Blood oxygen saturation (SO2) is an important functional metric in the diagnosis and monitoring of blinding eye diseases and cancer. Additionally, SO2 imaging has high value in illustrating changes in blood oxygenation within a vascular network, particularity when changes are demonstrated within the context of surrounding biological structures. This has promising potential to provide valuable information to researchers and clinicians on the mechanisms of disease progression and the efficacy of treatment.

Various techniques have been explored for SO2 imaging, however limitations of inaccuracy in measurement, a requirement of contact with the tissue and the reliance on exogenous labels have prevented the clinical adoption of these approaches. Photon absorption remote sensing (PARS) is a novel imaging technique that is label-free, non-contact and absorption-based. When a photon is absorbed by a biomolecule, energy can be released through radiative or non-radiative relaxation. Most imaging modalities are limited to capturing one form of relaxation contrast, however PARS is capable of capturing both simultaneously. The unique PARS approach has promising potential as an SO2 imaging modality. This thesis explores work which furthers efforts towards accurate, non-contact, label-free SO2 imaging using PARS.

First, system developments are implemented to demonstrate the first multi-wavelength in-vivo PARS system. The use of independent excitation paths, power compensation, and the improvement of the secondary excitation generation enables the reliable and consistent in-vivo multi-wavelength PARS imaging of chicken embryo vasculature. Additionally, the power compensation of incident excitation pulses is critical for quantitative SO2 measurements to ensure that measured SO2 is not impacted by power variations in the excitation source.

This is followed by the development of techniques for in-vitro phantom studies. A blood oxygenation and deoxygenation protocol is developed and tested, enabling the time-efficient and low-cost preparation of blood samples at various oxygenation levels.

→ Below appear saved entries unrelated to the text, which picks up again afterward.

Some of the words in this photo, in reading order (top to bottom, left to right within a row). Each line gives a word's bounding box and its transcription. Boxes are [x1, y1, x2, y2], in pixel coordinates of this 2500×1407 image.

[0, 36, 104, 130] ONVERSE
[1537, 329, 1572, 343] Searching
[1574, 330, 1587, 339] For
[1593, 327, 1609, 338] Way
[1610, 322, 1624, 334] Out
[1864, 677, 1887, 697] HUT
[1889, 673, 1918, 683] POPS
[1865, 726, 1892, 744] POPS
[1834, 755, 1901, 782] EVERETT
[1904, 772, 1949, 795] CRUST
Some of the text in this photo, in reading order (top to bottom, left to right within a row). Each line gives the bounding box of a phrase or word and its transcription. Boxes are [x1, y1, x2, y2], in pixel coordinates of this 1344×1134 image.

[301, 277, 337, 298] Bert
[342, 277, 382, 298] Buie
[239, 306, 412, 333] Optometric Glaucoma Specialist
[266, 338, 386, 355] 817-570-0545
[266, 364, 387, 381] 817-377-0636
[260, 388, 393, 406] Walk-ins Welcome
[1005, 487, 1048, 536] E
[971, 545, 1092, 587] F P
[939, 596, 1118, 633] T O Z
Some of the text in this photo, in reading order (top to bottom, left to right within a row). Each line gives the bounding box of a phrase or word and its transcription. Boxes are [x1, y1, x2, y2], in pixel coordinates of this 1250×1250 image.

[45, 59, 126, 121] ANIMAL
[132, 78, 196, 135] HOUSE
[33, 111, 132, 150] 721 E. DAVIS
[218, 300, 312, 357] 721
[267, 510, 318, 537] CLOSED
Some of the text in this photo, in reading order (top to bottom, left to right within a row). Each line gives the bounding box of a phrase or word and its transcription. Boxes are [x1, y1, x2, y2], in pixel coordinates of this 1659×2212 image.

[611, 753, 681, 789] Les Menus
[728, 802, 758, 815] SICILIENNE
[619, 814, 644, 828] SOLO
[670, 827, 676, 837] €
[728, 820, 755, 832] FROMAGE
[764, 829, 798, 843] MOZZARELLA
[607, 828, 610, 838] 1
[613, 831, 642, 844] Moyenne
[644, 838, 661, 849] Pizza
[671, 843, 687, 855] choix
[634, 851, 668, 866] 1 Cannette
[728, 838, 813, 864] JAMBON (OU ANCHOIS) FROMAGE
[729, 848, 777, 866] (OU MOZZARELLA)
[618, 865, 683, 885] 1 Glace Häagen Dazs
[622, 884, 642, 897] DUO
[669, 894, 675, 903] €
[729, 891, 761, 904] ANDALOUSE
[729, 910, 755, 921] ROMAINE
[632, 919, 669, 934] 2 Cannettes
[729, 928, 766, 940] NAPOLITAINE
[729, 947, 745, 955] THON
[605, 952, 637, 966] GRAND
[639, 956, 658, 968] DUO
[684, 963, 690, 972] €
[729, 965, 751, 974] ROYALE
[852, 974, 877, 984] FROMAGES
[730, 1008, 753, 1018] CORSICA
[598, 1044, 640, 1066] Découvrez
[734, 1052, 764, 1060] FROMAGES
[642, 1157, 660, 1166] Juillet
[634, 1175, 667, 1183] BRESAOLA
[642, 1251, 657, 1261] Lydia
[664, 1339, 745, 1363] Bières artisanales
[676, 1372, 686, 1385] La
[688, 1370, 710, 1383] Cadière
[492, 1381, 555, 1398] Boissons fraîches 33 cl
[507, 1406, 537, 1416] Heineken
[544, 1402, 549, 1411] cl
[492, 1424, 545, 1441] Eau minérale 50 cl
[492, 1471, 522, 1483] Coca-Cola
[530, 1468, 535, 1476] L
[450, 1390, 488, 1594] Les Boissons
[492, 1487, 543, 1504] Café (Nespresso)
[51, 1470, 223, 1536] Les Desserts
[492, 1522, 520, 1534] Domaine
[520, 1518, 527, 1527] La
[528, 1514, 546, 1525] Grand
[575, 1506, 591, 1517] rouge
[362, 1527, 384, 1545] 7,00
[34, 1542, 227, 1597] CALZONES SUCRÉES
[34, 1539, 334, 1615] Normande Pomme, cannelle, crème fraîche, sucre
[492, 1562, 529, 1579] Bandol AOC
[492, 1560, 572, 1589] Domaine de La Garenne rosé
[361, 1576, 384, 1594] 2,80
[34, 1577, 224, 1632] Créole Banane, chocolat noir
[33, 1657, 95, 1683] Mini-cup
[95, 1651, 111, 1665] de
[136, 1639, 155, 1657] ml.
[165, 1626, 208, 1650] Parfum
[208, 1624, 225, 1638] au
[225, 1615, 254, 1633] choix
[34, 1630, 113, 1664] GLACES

Additionally, a flow phantom is developed with a 50 micrometer channel which successfully enables PARS signal to be captured from blood in an in-vitro flow phantom. This experimental setup was unable to demonstrate a change in PARS signal across various blood samples at differing oxygenation levels. Simulation is used to demonstrate that the blood preparation and samples are not the cause of the unsuccessful result. This result is determined to be a consequence of the flow phantom design. The knowledge gained through the iterative design process provides valuable insight to guide future flow phantom developments.

Finally, in-vivo experimentation of the multi-wavelength PARS system successfully demonstrated the variation in blood oxygenation during the hypoxia and recovery of a chicken embryo. The hypoxia holder was designed to modulate the ambient oxygen inside the holder and induce states of hypoxia and recovery. This highlights the success of the PARS multi-wavelength system in demonstrating a relative change in SO2 in-vivo.

The presented work furthers efforts towards accurate, non-contact, label-free PARS SO2 imaging through the development of the first multi-wavelength in-vivo PARS system, in-vitro blood and flow phantom developments and the in-vivo demonstration of relative change in SO2 measured using PARS.